In particular for this problem, for $2\le d \le 9$ there is a $K(d)$ large enough such $d^k$ has a zero in its decimal expansion for $k>K(d)$ and so the decimal numbers $n=ddd\cdots d$ with $k$ repeated $d$s have $P^2(n)=0$.
I think this can be generalized to the case where different digits are allowed, but I only have a very abstract argument. All patterns of digits appear in large powers of $d_1$ because the decimal representation for $d_1^{k_1}$ is "random" in some sense, and multiplying by another $d_2^{k_2}$ gives something else that is still random (unless 10 divides $d_1\times d_2$). So for $k_1+k_2$ large enough $n=d_1^{k_1}d_2^{k_2}$ will contain a zero in its decimal expansion.

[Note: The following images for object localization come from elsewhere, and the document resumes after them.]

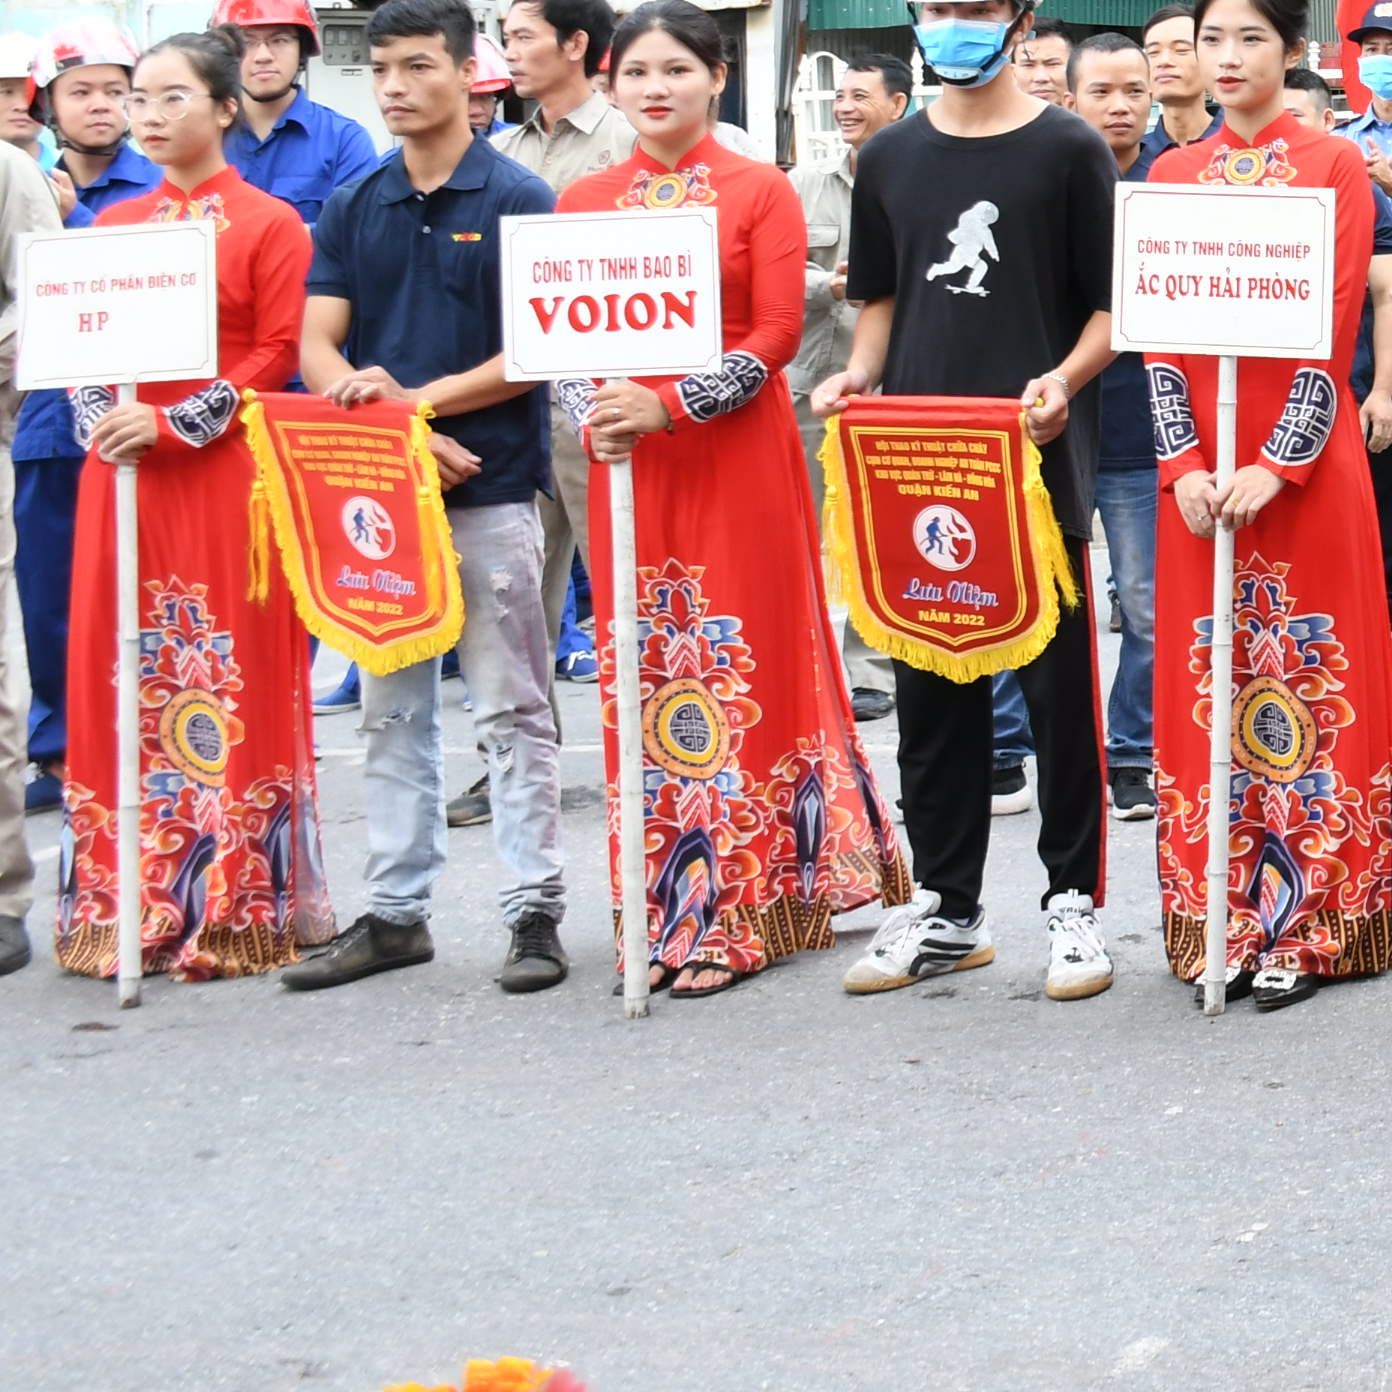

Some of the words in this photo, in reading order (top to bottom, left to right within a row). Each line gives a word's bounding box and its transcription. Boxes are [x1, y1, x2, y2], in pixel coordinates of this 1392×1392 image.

[1138, 236, 1170, 254] CÔNG
[1175, 241, 1187, 255] TY
[1192, 241, 1223, 256] TNHH
[1228, 240, 1261, 257] CÔNG
[1265, 241, 1310, 262] NGHIỆP
[533, 256, 572, 283] CÔNG
[578, 259, 593, 281] TY
[600, 257, 637, 280] TNHH
[643, 255, 671, 278] BAO
[1135, 262, 1159, 295] ẮC
[1165, 274, 1203, 301] QUY
[1209, 267, 1241, 298] HẢI
[1247, 271, 1310, 301] PHÒNG
[36, 279, 68, 297] CÔNG
[73, 281, 86, 294] TY
[529, 291, 698, 334] VOION
[918, 608, 950, 623] NĂM
[953, 613, 985, 626] 2022

And continuing the argument, for $k_1+k_2+k_3+k_4$ large enough every $n\in T$ with
$$
P(n)=2^{a_1}3^{a_2}4^{a_2}5^{a_2}6^{a_2}7^{a_2}8^{a_2}9^{a_2} = 2^{k_1}3^{k_2}5^{k_3}7^{k_4}
$$
will contain a zero in its decimal expansion and will have $P^2(n)=0$.

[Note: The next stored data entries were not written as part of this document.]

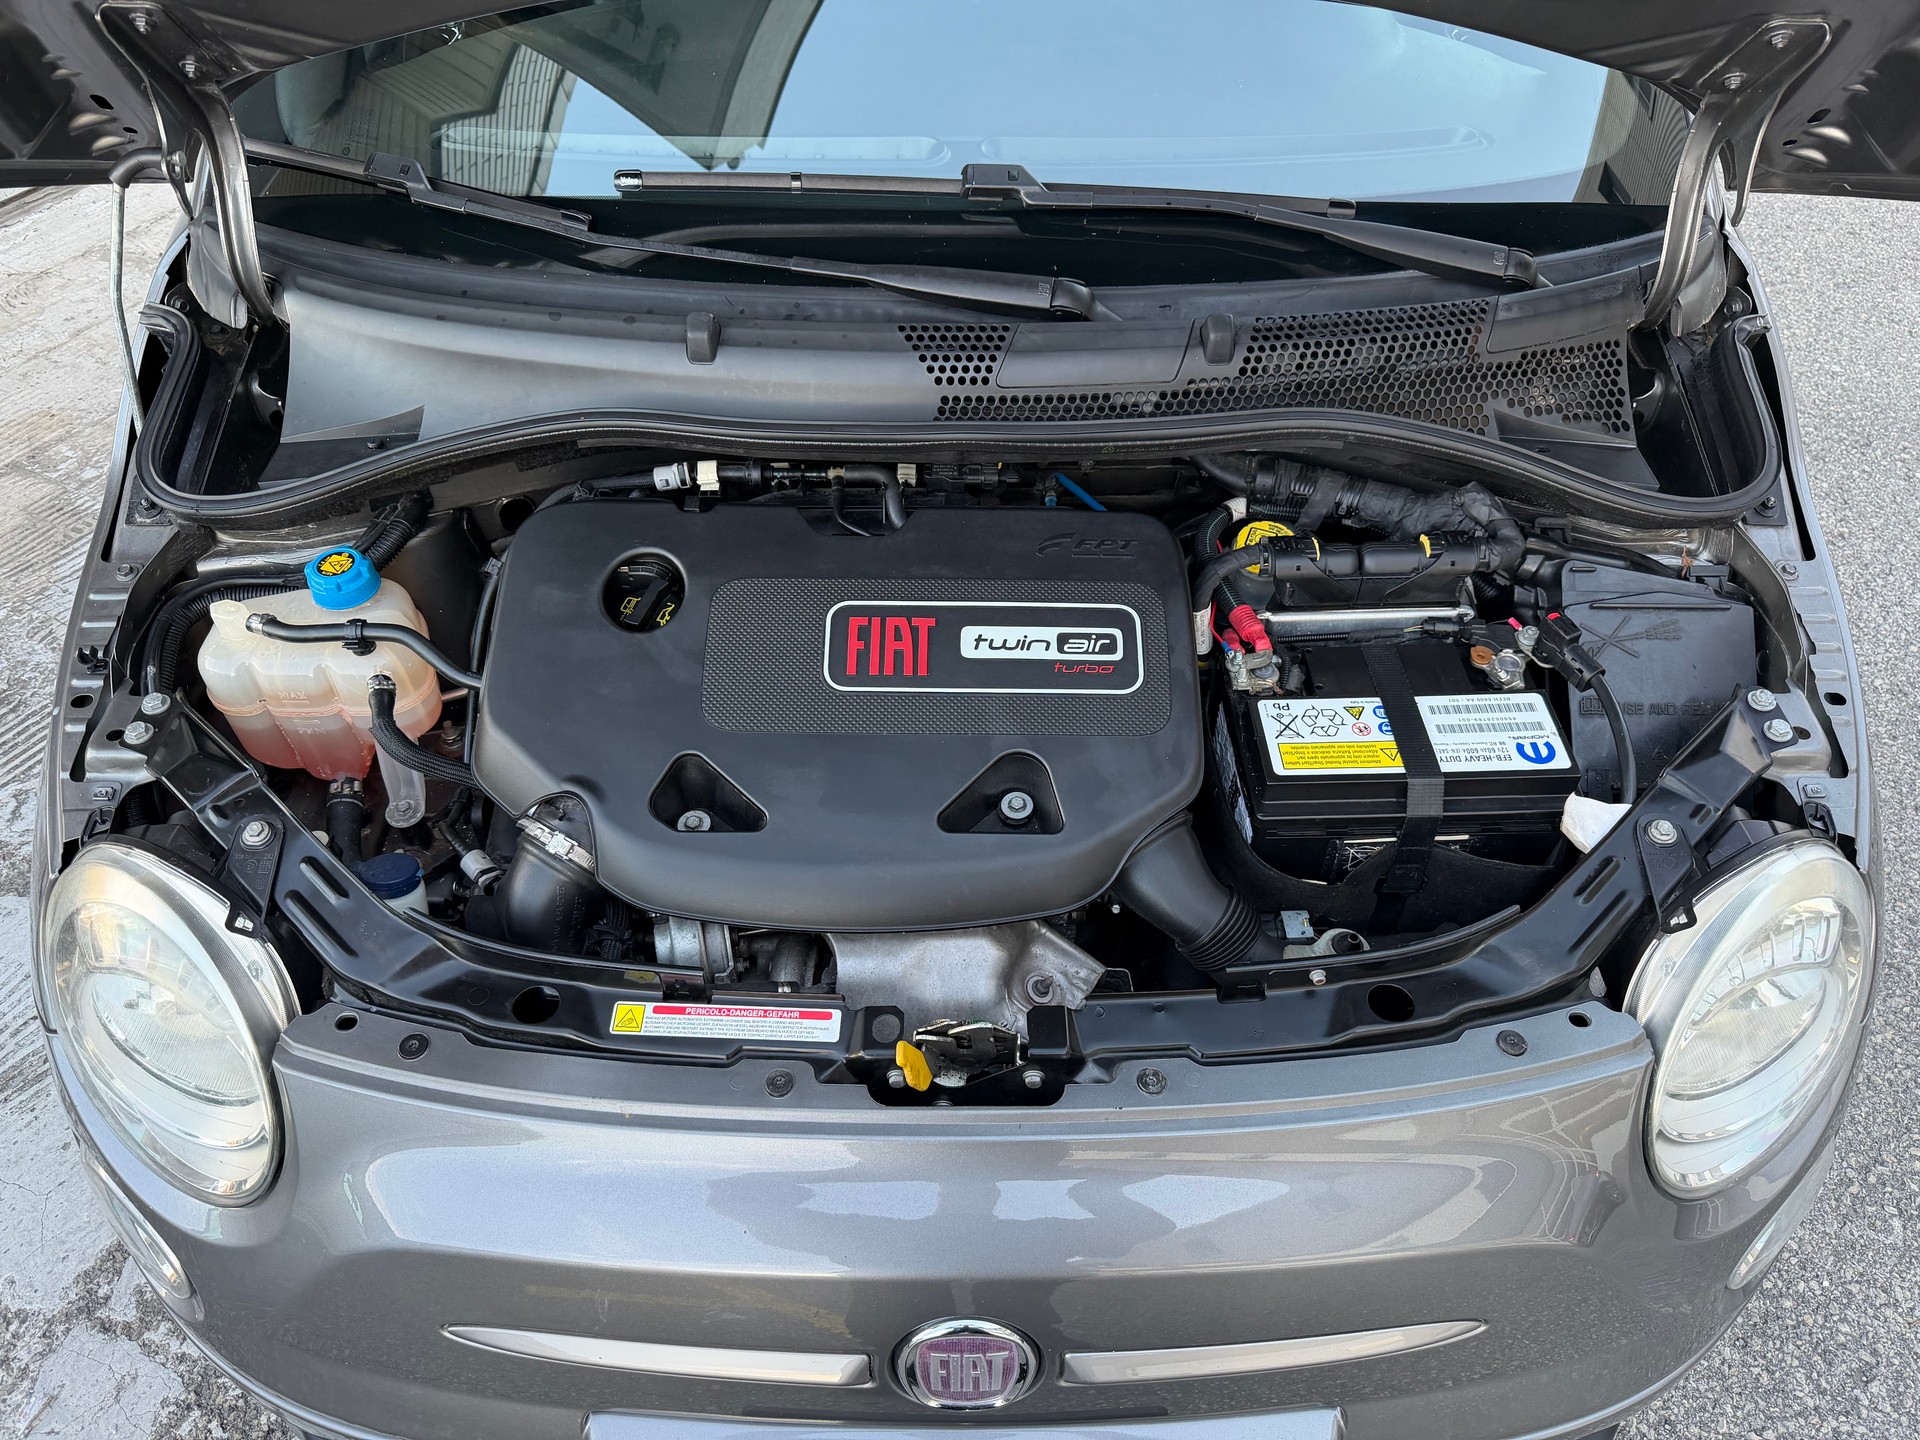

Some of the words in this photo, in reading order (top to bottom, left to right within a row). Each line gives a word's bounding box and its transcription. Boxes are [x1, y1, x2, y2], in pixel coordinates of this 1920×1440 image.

[1072, 539, 1138, 551] FPT
[846, 616, 936, 676] FIAT
[973, 634, 1051, 651] twin
[1063, 634, 1110, 653] air
[1054, 662, 1115, 674] turbo
[279, 690, 307, 700] MAX
[1272, 703, 1290, 711] Pb
[1649, 703, 1677, 716] AND
[1439, 755, 1462, 763] DUTY
[1464, 754, 1513, 763] EFB-HEAVY
[685, 1007, 800, 1019] PERICOLO-DANGER-GEFAHR
[930, 1351, 1009, 1392] FIAT

A computer check of exponents up to 200 suggests that the largest value $k_1+k_2+k_3+k_4$ can take is 44, and the largest $n\in T$ with $P^\infty(n)\ne 0$ have $P(n)=2^{39}3^3 7^2$.
Let $L(n)$ be the number of digits in the decimal representation of $n$.
Given $n\in T$ with $L(n)<N$, we can mix the digits of $n$ with $N-L(n)$ additional 1 digits to get $N$-digit numbers $n_1,n_2,\dots$ with $P(n)=P(n_1)=P(n_2)=\cdots$. For example, let $n=2677,N=10$, and
$$
n_2=1111112677, n_2=1111771216, n_3=7172611111, \ldots \\
P(n)=588=P(n_1)=P(n_2)=P(n_3)=\cdots
$$
If the number distinct permutations of the digits of $n$ is $L(n)!/R(n)$, then the number of ways we can generate $N$-digit numbers from $n$ this way is
$$
c(n,N) = \frac{N!}{(N-L(n))!R(n)} = \frac{N^{L(n)}}{R(n)}-O(N^{L(n)-1})
$$
In our example $c(2677,N)=N^4/2-O(N^3)$.
Operating under the conjecture that $L(n)$ is bounded for $n\in T\cap S$, for large $N$ the $N$-digit numbers in $S$ will be mainly composed of $1s$, and their count will be dominated by $N^{L(n)}$ for the longest $n$s.
My computer search turned up the longest $n$ as follows:
$$
\begin{array}{c|c|c|c}
P^\infty(n) & P(n) & L(n) & c(n,N) \\
\hline
2 & 2^{26}3^3 & 29 & N^{29}/(2.4\times 10^{27}) \\
3 & 3 & 1 & N \\
4 & 2^{23}3^7 7 & 31 & N^{31}/(1.3\times 10^{26}) \\
5 & 3^5 5 7^2 & 8 & N^8/240\\
6 & 2^{24} 3^6 7^6 & 36 & N^{36}/(3.2\times 10^{29}) \\
7 & 7 & 1 & N \\
8 & 2^{39} 3^3 7^2 & 44 & N^{44}/(2.4\times 10^{47})\\
9 & 3^2 & 2 & N^2/2
\end{array}
$$
where the right column gives the asymptotic behavior for very large $N$. There is also only one $N$-digit number consisting of all 1s with $P(n)=1$.
So even though up to 50 million the histogram shows a pattern similar to yours:
$$
\begin{array}{c|c|c|c|c|c|c|c|c|c}
P^\infty & 1 & 2 & 3 & 4 & 5 & 6 & 7 & 8 & 9 \\
\hline
\mathrm{count} & 8 & 317446 & 36 & 27070 & 16325 & 1336881 & 35 & 697581 & 119
\end{array}
$$
my results suggest that eventually $P^\infty=4$ will dominate $P^\infty=2$, and in the large $N$ limit almost all of $S$ will be made up of numbers with thirty-nine 2s, three 3s, two 7s and a large number of 1s, each with $P^\infty=8$.